The Bad Sleep Well (1960)

Following a string of period pieces, Akira Kurosawa jumped back to contemporary Japan for his look at corporate corruption, The Bad Sleep Well. It’s been called by some a loose adaptation of Shakespeare’s Hamlet, though to be frank, I think that’s a stretch. Regardless, it’s a slow burning look at the way in which corruption can ruin lives.

More interesting than its look at the way in which business bigwigs can pull the strings of people great and small, however, is how this movie looks at how easy it is to sink into your own brand of moral decay. Lies with dogs, as they say, and you’ll get fleas. From the book:

Toshiro Mifune’s goals seem noble enough. Exposing the murderous corruption of high level executives is a cause the audience can stand behind. So, too, is avenging your father’s death. Yet Nishi has himself committed a string of crimes in order to reach this point in his plan. Kidnapping, assault, theft. … He’ll even have ruined a woman’s life in order to satisfy his need for vengeance.

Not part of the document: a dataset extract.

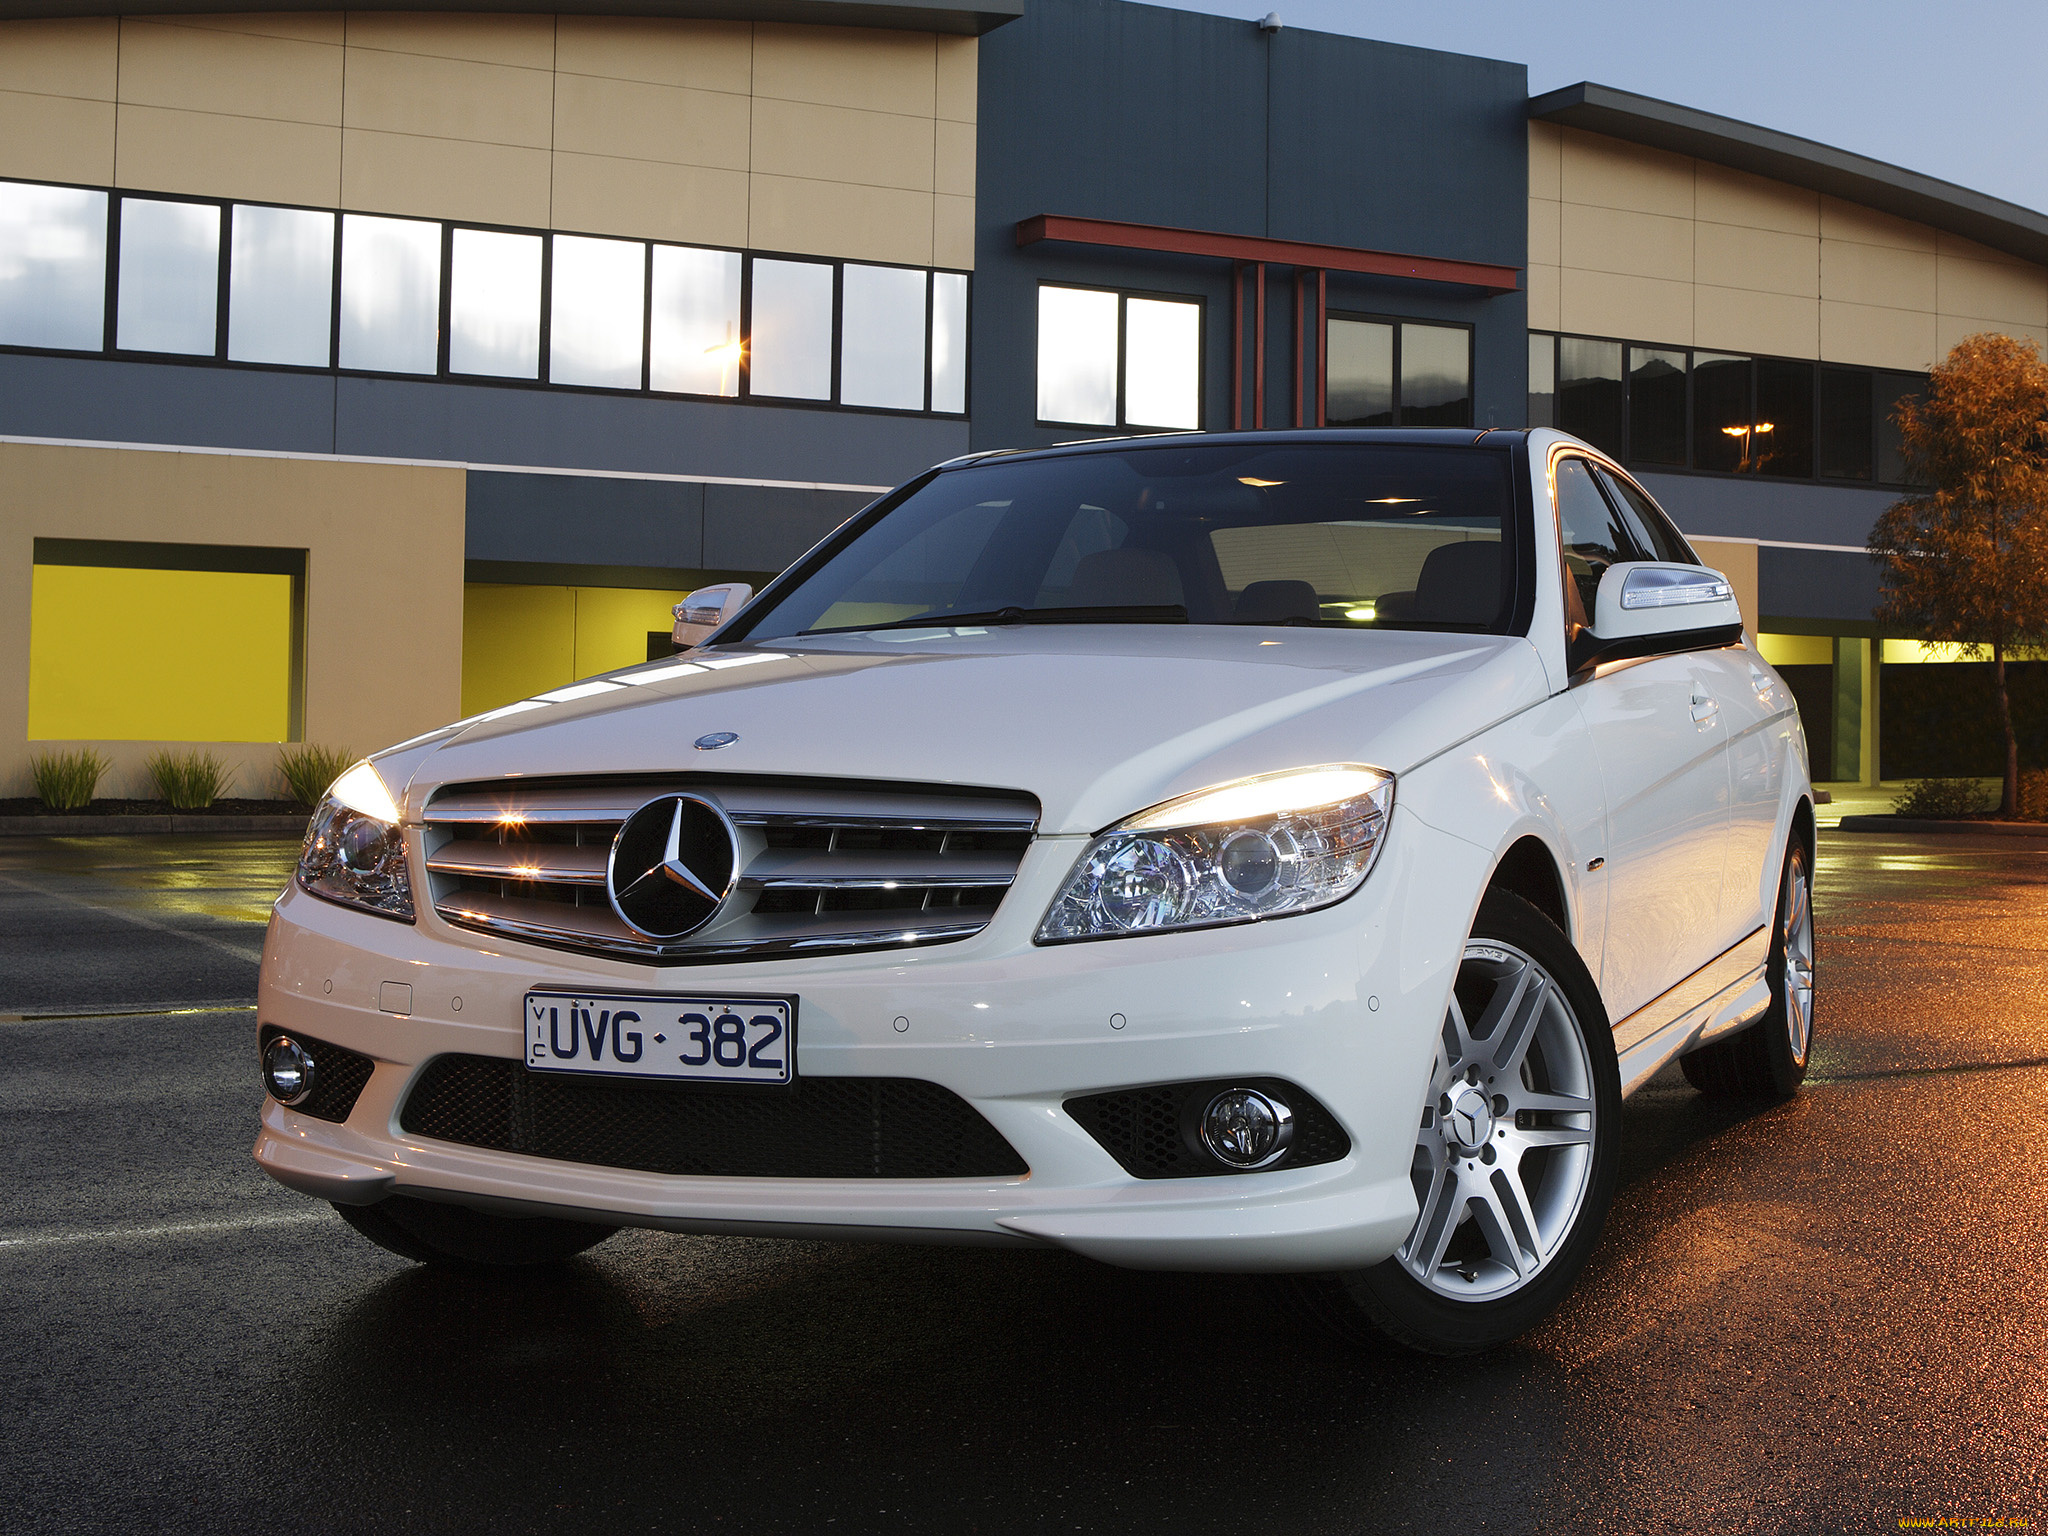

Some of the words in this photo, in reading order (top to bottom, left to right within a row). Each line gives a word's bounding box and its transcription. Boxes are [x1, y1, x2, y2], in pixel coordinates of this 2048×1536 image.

[532, 1006, 546, 1057] VIC
[549, 1007, 643, 1063] UVG
[678, 1013, 783, 1068] 382
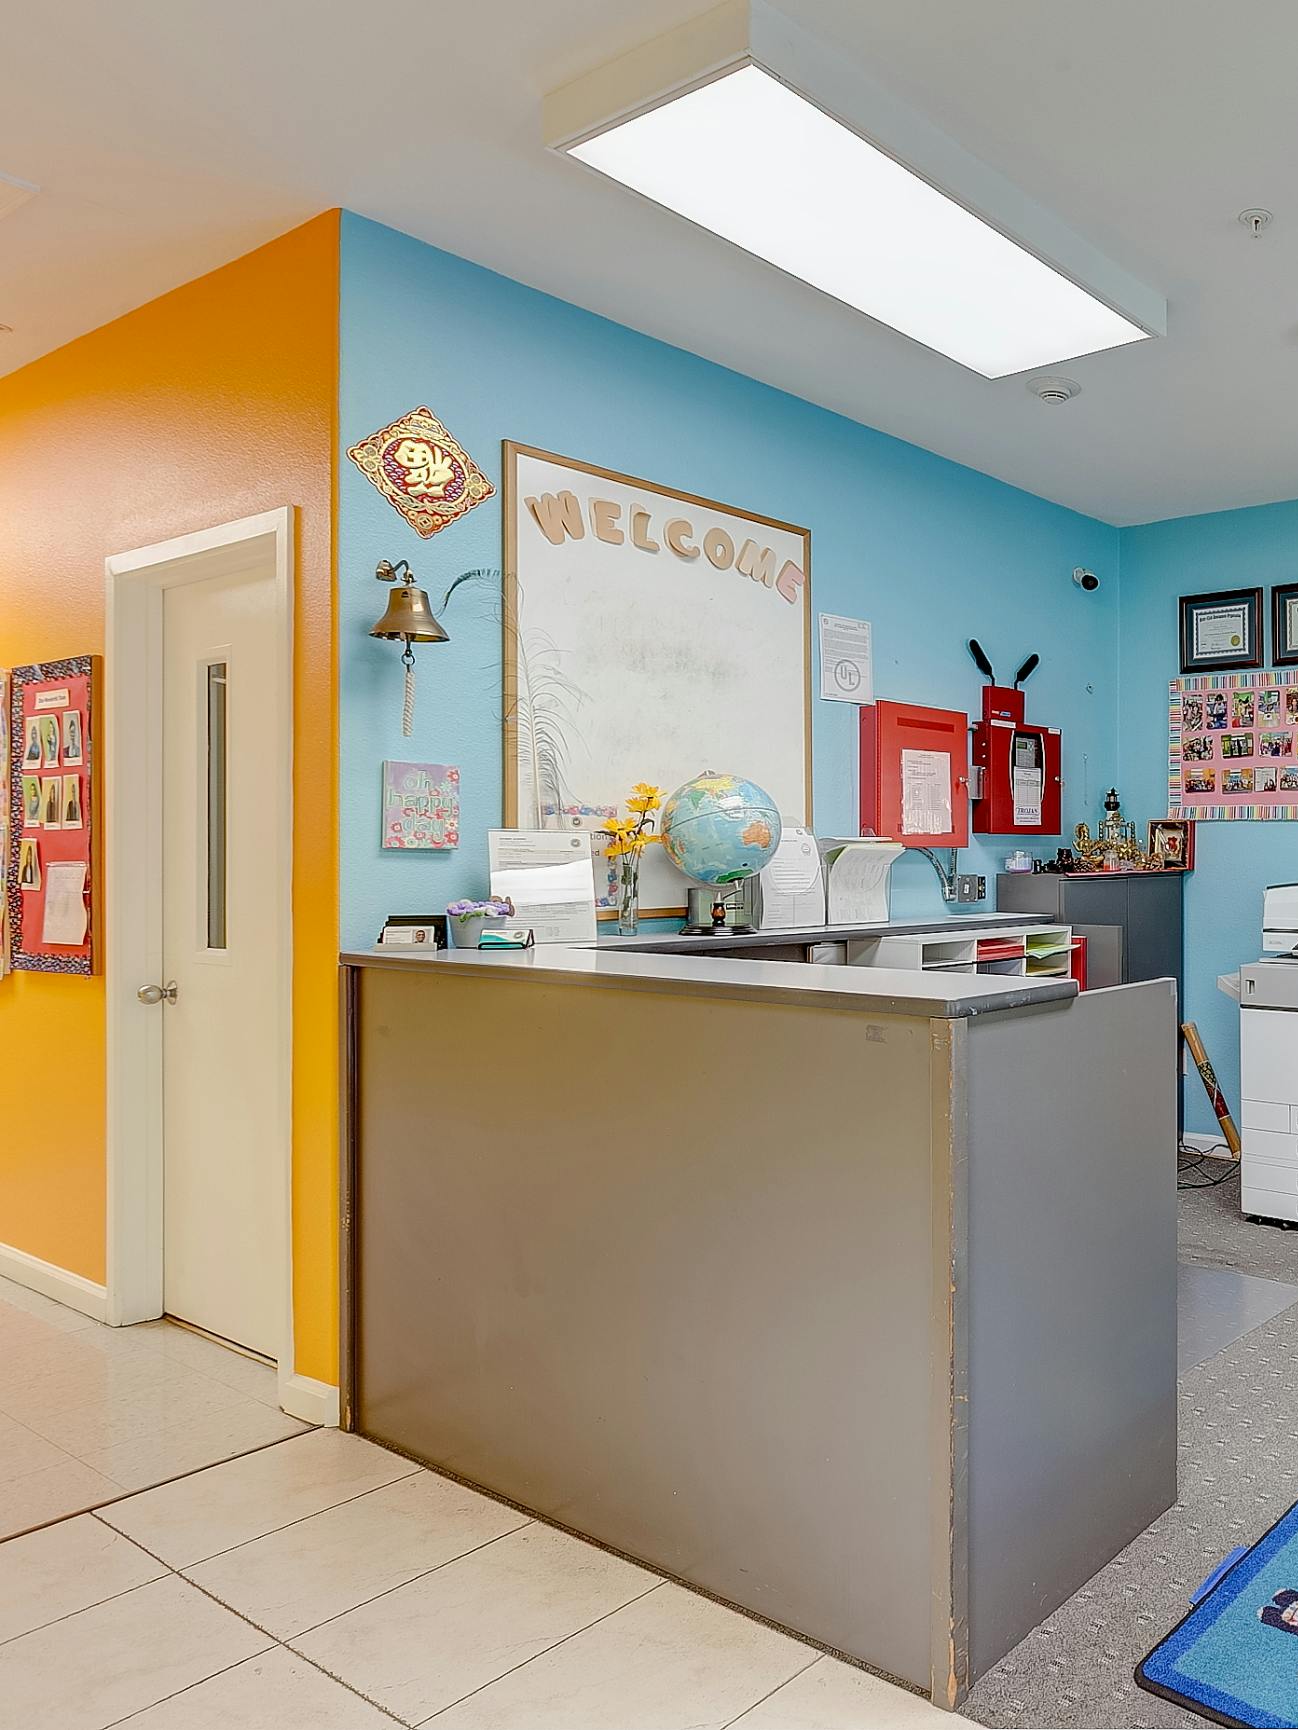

The film inches along at a deliberate pace, revealing information to the audience at a crawl. Coming on the heels of brisk masterworks like The Hidden Fortress and (the nearly four-hour long) Seven Samurai, The Bad Sleep Well suffers by comparison. Film scholars largely adore it, and it’s understandable why — not only is it dense with rich themes, but scenes like an early wedding sequence are great examples of Kurosawa’s power as a director — but casual fans should steel themselves for something decidedly more cerebral than other Kurosawa films from this period. It’s good stuff, but if you want excitement, look elsewhere. This is a slow burn.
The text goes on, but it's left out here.